Saved data entries:
# # # # # # #

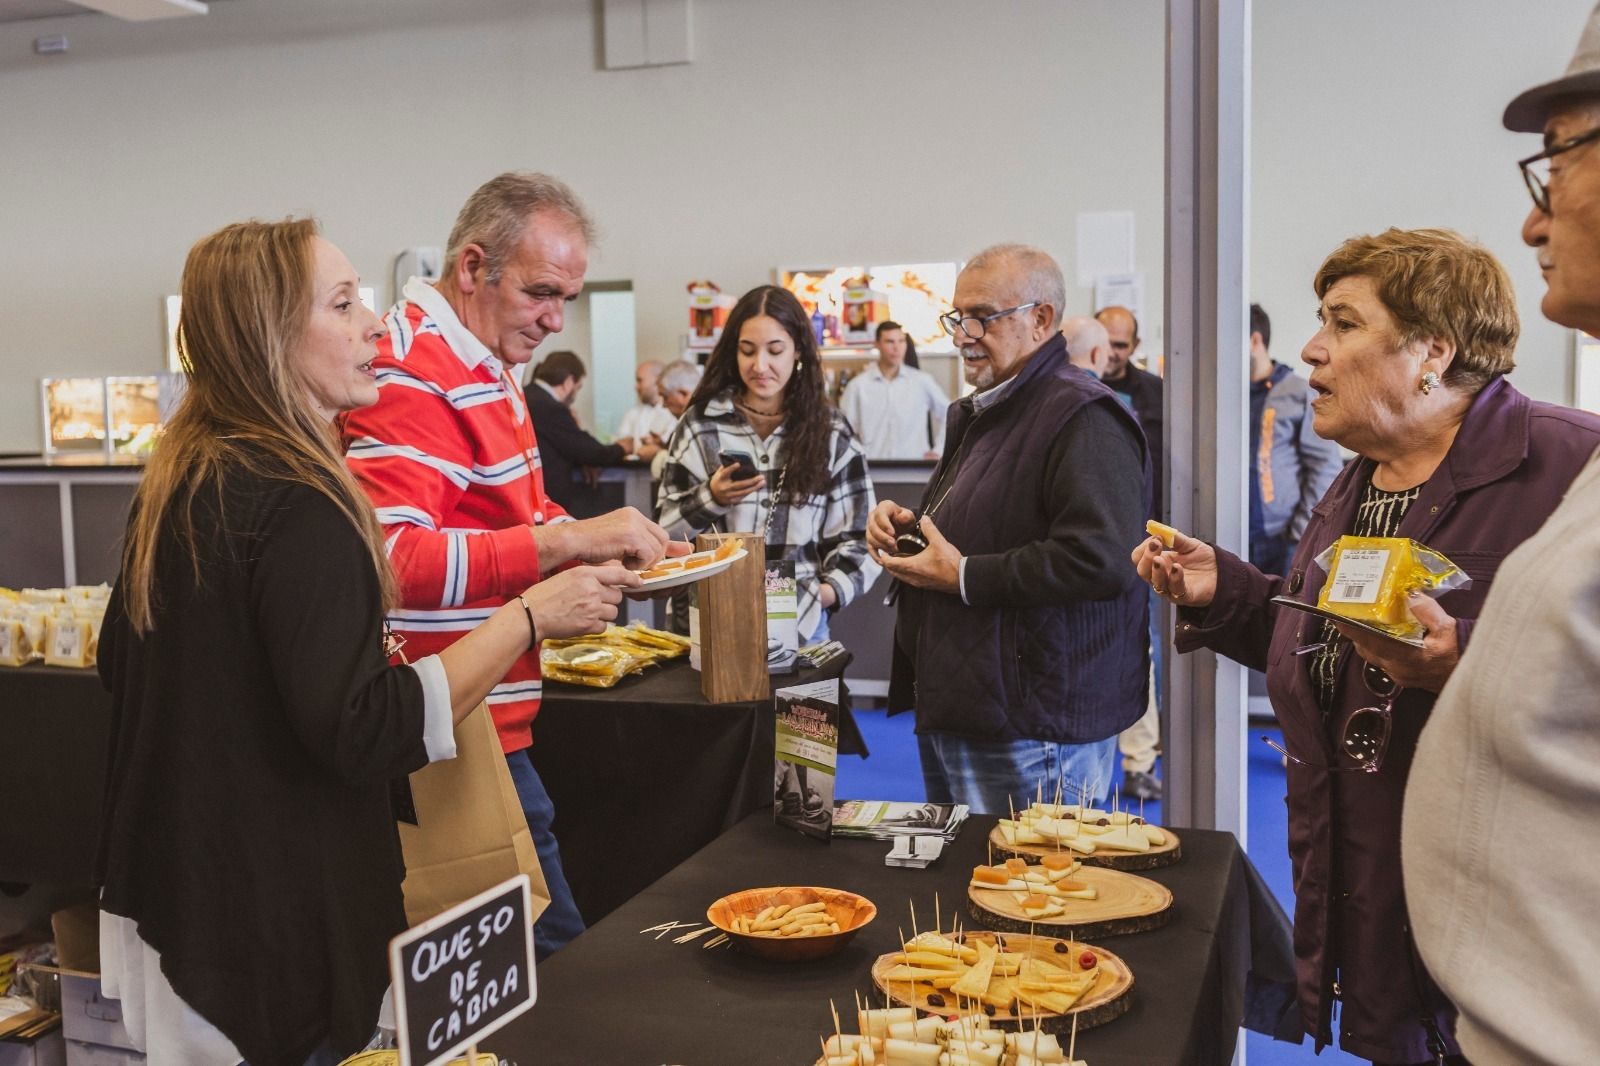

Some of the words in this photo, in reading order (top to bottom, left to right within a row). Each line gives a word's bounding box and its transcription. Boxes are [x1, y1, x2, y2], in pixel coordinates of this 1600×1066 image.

[411, 905, 514, 982] QUESO
[449, 960, 482, 1004] DE
[427, 964, 518, 1051] CABRA
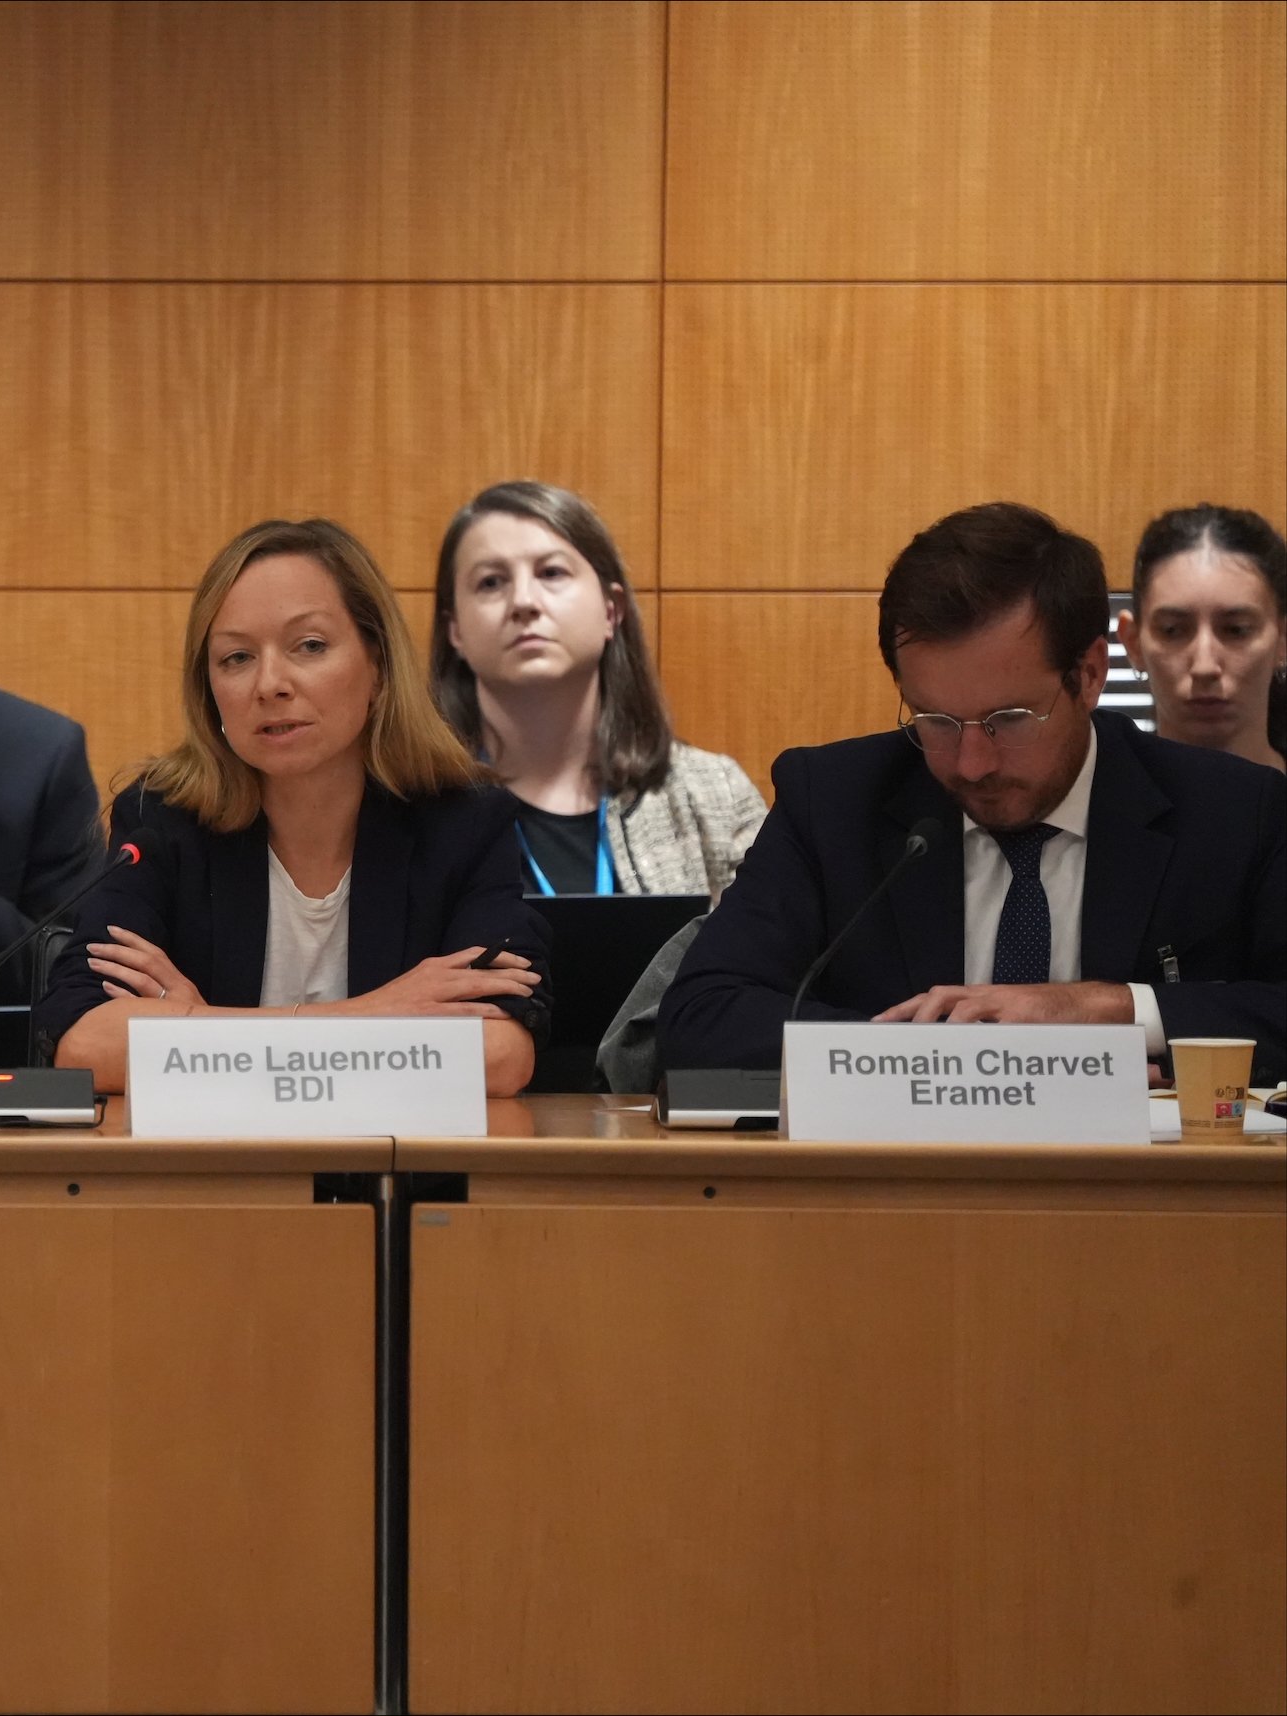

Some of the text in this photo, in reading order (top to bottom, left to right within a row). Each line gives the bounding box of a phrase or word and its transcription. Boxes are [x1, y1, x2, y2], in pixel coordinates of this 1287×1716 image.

# # # # # # #

Your answer must be an exact copy of the records, free of images.

YOUR SOLUTION:
Some of the words in this photo, in reading order (top to bottom, left to right within a row). Each line gives a word's bounding box and its transcription. Boxes are [x1, y1, x2, y2], in pixel coordinates of this 1600×1066 image.

[411, 905, 514, 982] QUESO
[449, 960, 482, 1004] DE
[427, 964, 518, 1051] CABRA

Some of the text in this photo, in reading order (top to bottom, left to right within a row). Each line gives the bounding box of a phrase or word and its transcription. Boxes are [x1, y1, x2, y2], in pixel coordinates of this 1287×1716 image.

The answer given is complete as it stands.